County School Board Considers Living Wage

The Albemarle County School Board has submitted their annual budget to the Board of Supervisors, requesting $99.9M in funding. As a part of that discussion, the board agreed that no employee of the school system should make less than $8/hour, as 53 employees currently do. School staff will look into raising the pay of all of those individuals to come in line with the City of Charlottesville and UVa’s living wage standards. Kate Andrews has the story in today’s Progress.

11 Responses to “County School Board Considers Living Wage”

  • A simple, progressive act. Somebody someewhere in the school system brought this up one day, and now it has gotten close to being a reality.

  • If you include the benefits package no one makes less thena $8 an hour. That however is another story.

  • You know, that’s a good point about the benefits package. Ought we to praise one employer, who, for example, pays $8.00 hourly wage as a minimum, but provides no benefits, while we criticize another who pays $7.50, but includes full medical insurance without cost to employees? As an employer, I know that benefit is worth more than $.50 an hour.

    Have Living Wage advocates considered this? I bring it up, for enlightenment, not criticism.

  • An important thing to consider, sure, but does the situation exist often? Are there many employers who pay less than a “living wage” but provide benefits?

    And if there are, they certainly would have the option to cut back on those benefits if they couldn’t afford them.

    I think the living wage camp understands the “something’s gotta give” concept, but the beef of the issue comes from the fact that those who don’t make $8/hour just need more cash to pay the rent before they can think too hard about health insurance.

  • Does it exist? you mean beside the University, Albemarle County, and some small companies I know. The answer is at the margins yes but there is no simple way to check. They not protesting outside Bodo’s, Yet!

  • They not protesting outside Bodo’s, Yet!

    I suspect that this is, at least in part, because a lot of people that work at Bodo’s (I’m guessing here based on the employees that I’ve gotten to know over the years) are students that work there for some extra cash, or to help pay tuition. They don’t have children, a spouse, and often don’t have expenses that the rest of us have, because their parents are covering them.

    Obviously, that’s not true of everybody, but there is something to be said regarding the necessity of a living wage at some jobs over others. I don’t think that Chaps, for example, needs to pay a living wage now or anytime soon; it’s almost entirely staffed by 14- to 17-year-olds that work there for 5-15 hours a week for pocket money.

    Industries that rely on skilled labor, employ a significant percentage of their employees full-time, etc….those make more attractive and appropriate targets when it comes to pushing the living wage. It’s a need-based thing, so let’s start with those who need it!

  • When hiring someone why should I give one moment of thought to their family situation. I can’t ask about large portions of their personal lives so why should the family matter. Or put another way should I only hire single people because

    I can’t pay $8 an hour.

    It is not need based at all. I should hire qualified people to do a job not make their family my dependents. I have my own family to take care of. They could always start a business like me. But given the paperwork hassle and goverment do-gooder interference it’s a wonder why some people both at all.

    You basically endorse slave wages for college students. Why stop there? It is now and has always been a JOB-based thing. Unless you would like to become a socialist country.

  • $8/hour is the living wage in our area for a family of four, if memory serves. $8/hour ceases to be a quasi-magic number when applied to a 17-year-old dependent. A living wage for them is probably a lot closer to $0/hour. If we as a society are going to pressure businesses to pay a living wage, I believe that it’s far more important to start with corporations that employ a high percentage of having-a-family-aged people rather than corporations that provide kids’ first jobs.

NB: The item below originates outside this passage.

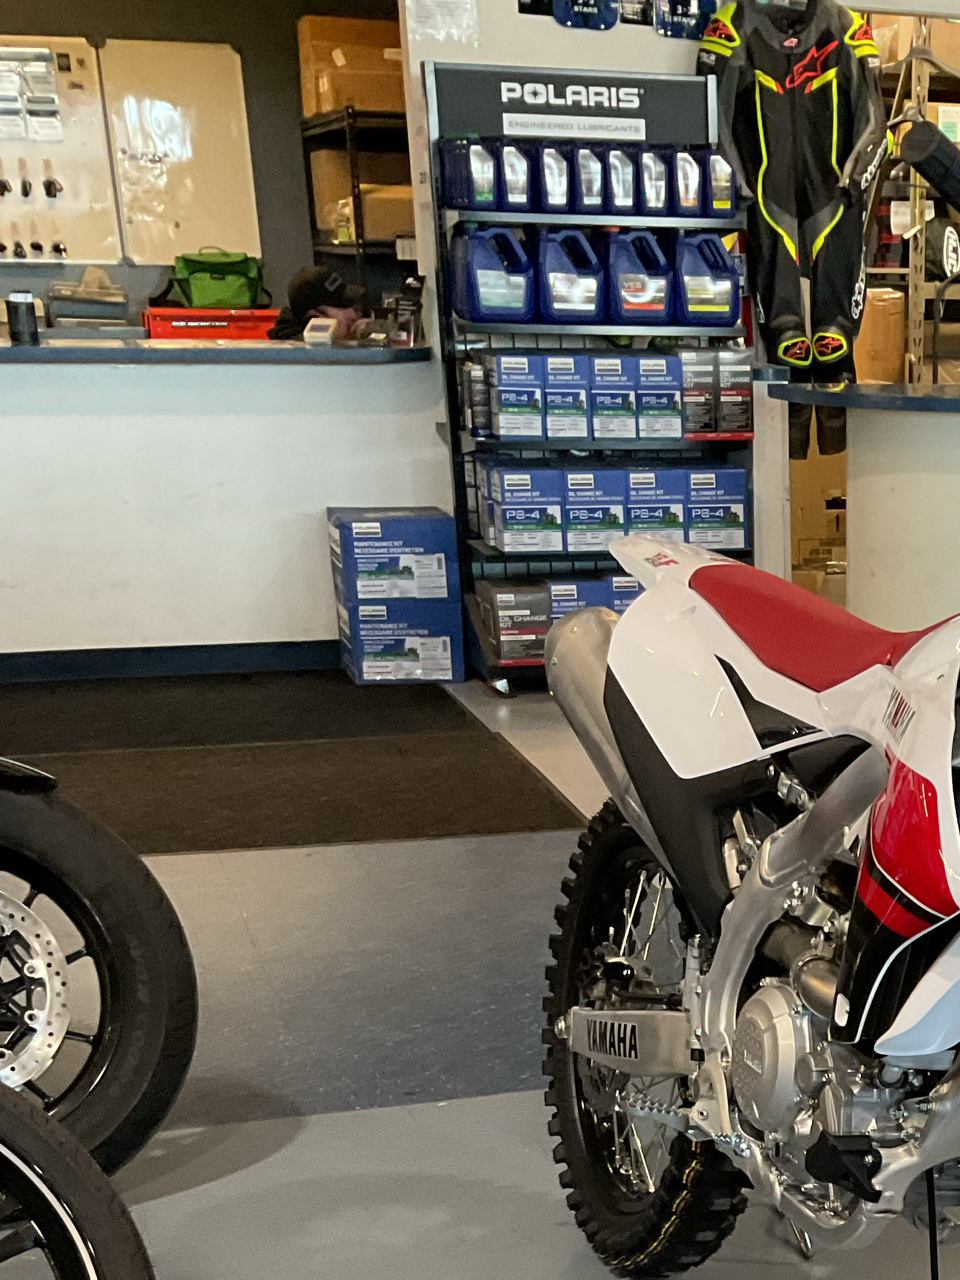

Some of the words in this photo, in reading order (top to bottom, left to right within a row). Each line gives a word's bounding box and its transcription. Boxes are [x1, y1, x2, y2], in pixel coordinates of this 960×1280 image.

  • wow, did you even read the last post! Why shouldn’t I only hire single college students? If someone with a family applies should I throw out their application. Please answer the post not repeat why $8 is a good idea.

    Remember I shouldn’t have to consider someone’s private life when I hire them.

  • Why shouldn’t I only hire single college students? If someone with a family applies should I throw out their application.

    Because that would be illegal. :) No, actually, the same thing could be said of, say, insurance benefits. If your company provides benefits, why would you ever hire somebody with, say, health problems? If you extended benefits to family members, then why would you hire people with large families? Yet, somehow, employers continue to offer health insurance.

    I’m sorry, but I’m sick, and my head hurts a lot, and I’m certainly not able to think clearly (yeah, yeah, I know, I’m leaving myself open there :) — hence my last reply having little to do with your original query. You know that I’m not one to give up on a good discussion, but I’m hoping that somebody else will pick up where I’m leaving off with this. Unless I somehow feel better tomorrow, in which case I’ll dive back in. :)

  • Dear Waldo please get some rest, you have a big day ahead of you on Saturday.

    1.It won’t be illegal to just hire single college students. If you didn’t ask for that information.

    2. The whole need questions needs to be addressed.

    3. If some has health problems it becomes, in most cases, a pre-existing condition.